Entries supplied
────────────────────────────────────────

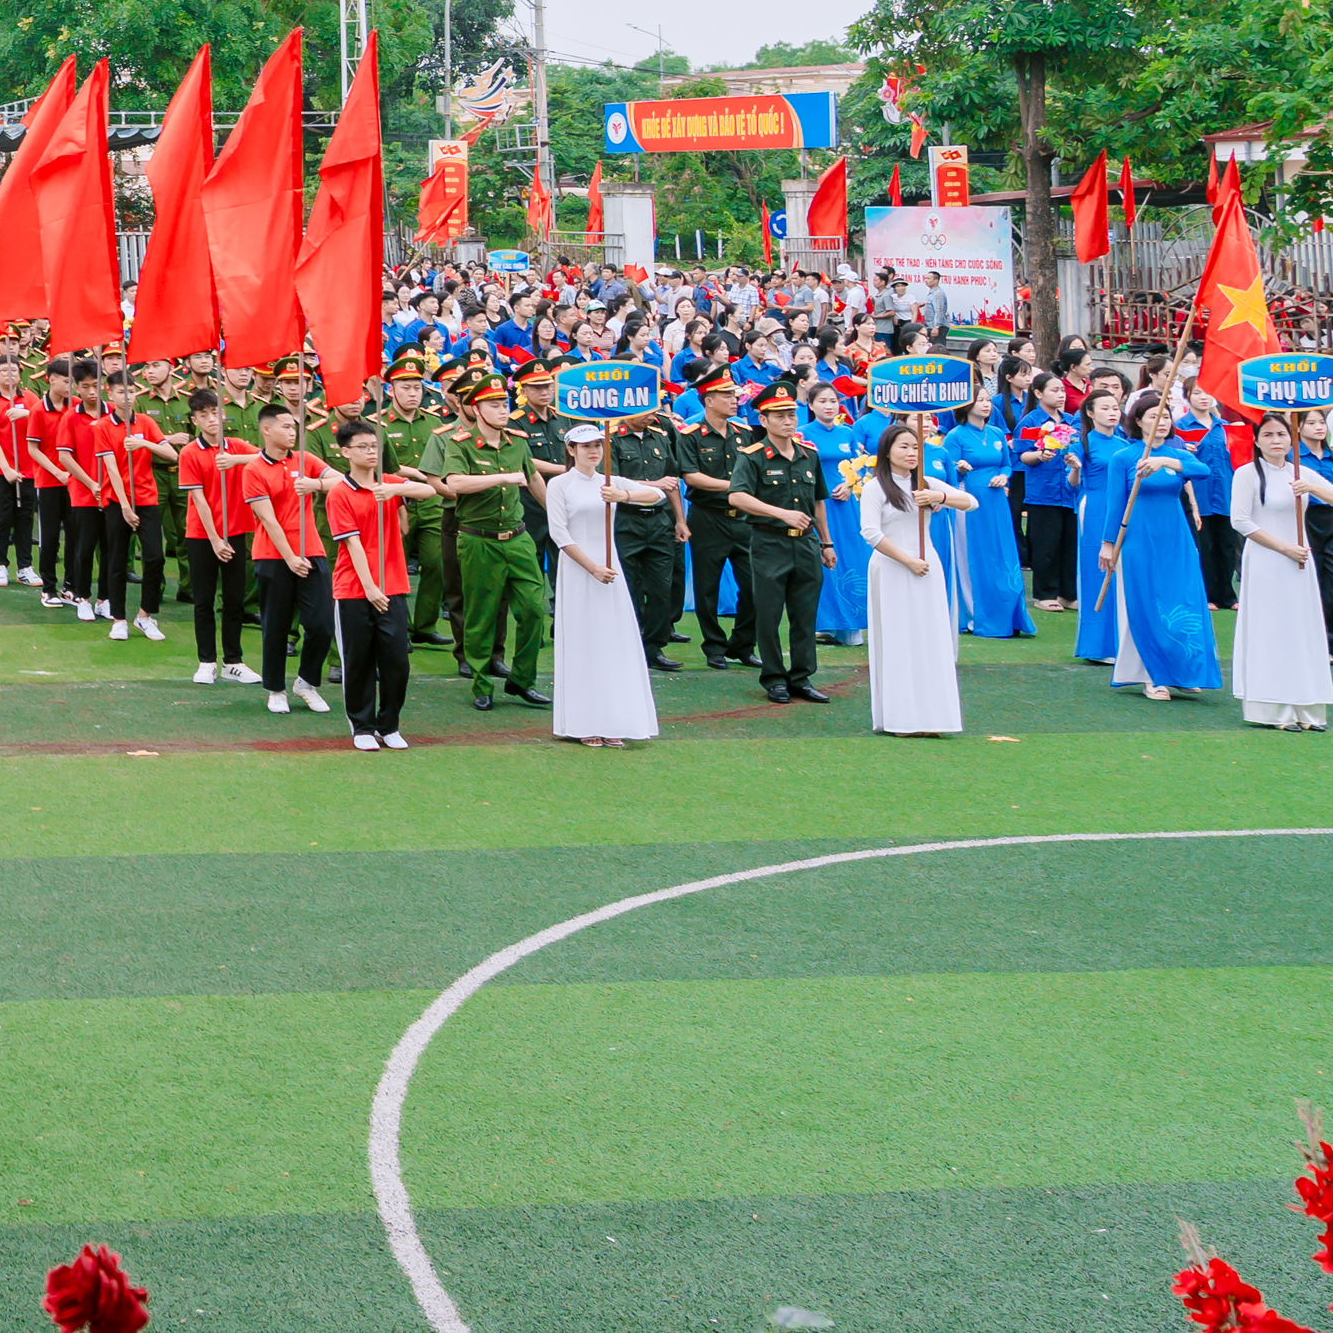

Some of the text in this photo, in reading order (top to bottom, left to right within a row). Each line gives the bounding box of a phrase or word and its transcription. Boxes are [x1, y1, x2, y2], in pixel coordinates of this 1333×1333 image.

[641, 105, 784, 142] KHỎE ĐỂ XÂY DỰNG VÀ BẢO VỆ TỔ QUỐC !
[906, 257, 920, 267] THAO
[954, 259, 966, 269] CHO
[585, 366, 630, 382] KHỐI
[899, 360, 943, 375] KHỐI
[1269, 358, 1317, 373] KHỐI
[566, 384, 650, 410] CÔNG AN
[873, 377, 968, 408] CỰU CHIẾN BINH
[1256, 376, 1333, 404] PHỤ NỮ
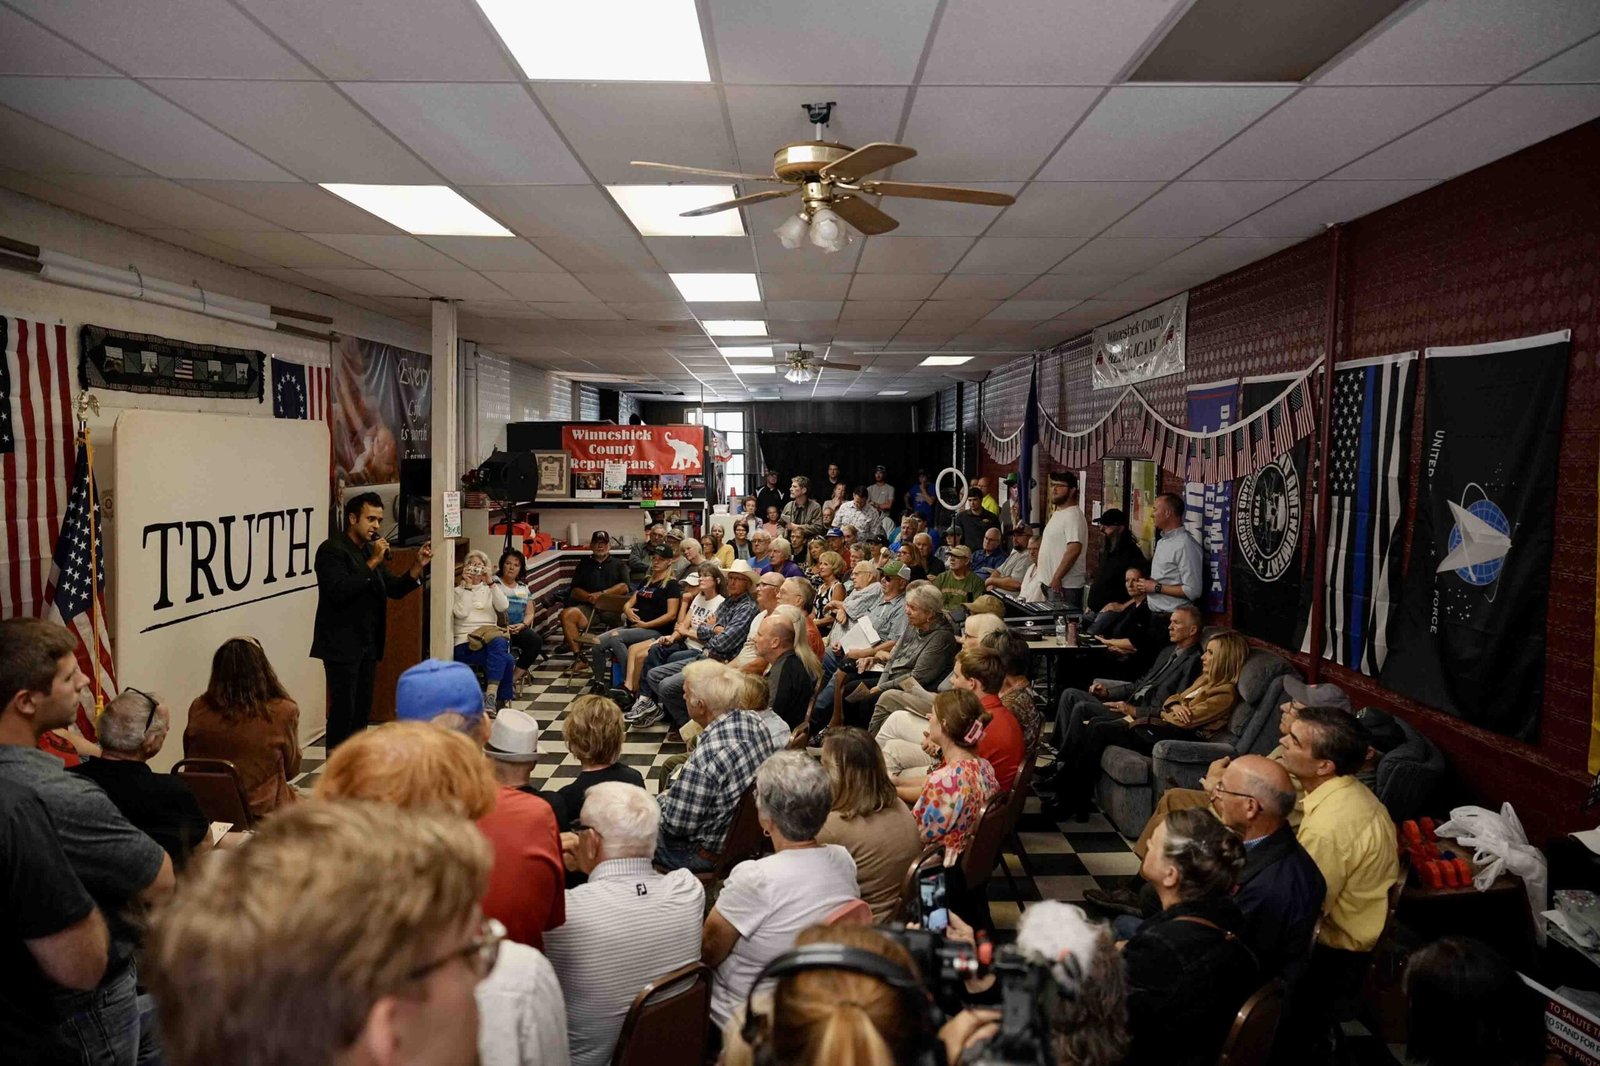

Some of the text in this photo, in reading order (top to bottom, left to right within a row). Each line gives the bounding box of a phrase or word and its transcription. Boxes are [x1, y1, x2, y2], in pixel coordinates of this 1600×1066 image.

────────────────────────────────────────

Aim of the task
Could the listing above be transcribed exactly, with the pictures left out?

Written response
Some of the text in this photo, in reading order (top to bottom, left to right within a row). Each line gives the bounding box of a phrase or word and its transcription. Boxes are [x1, y1, x2, y2], in pixel coordinates of this 1333×1333 image.

[641, 105, 784, 142] KHỎE ĐỂ XÂY DỰNG VÀ BẢO VỆ TỔ QUỐC !
[906, 257, 920, 267] THAO
[954, 259, 966, 269] CHO
[585, 366, 630, 382] KHỐI
[899, 360, 943, 375] KHỐI
[1269, 358, 1317, 373] KHỐI
[566, 384, 650, 410] CÔNG AN
[873, 377, 968, 408] CỰU CHIẾN BINH
[1256, 376, 1333, 404] PHỤ NỮ

Some of the text in this photo, in reading order (top to bottom, left to right within a row). Each line gives the bounding box of a phrase or word and its transcription. Boxes are [x1, y1, x2, y2], in pixel coordinates of this 1600×1066 image.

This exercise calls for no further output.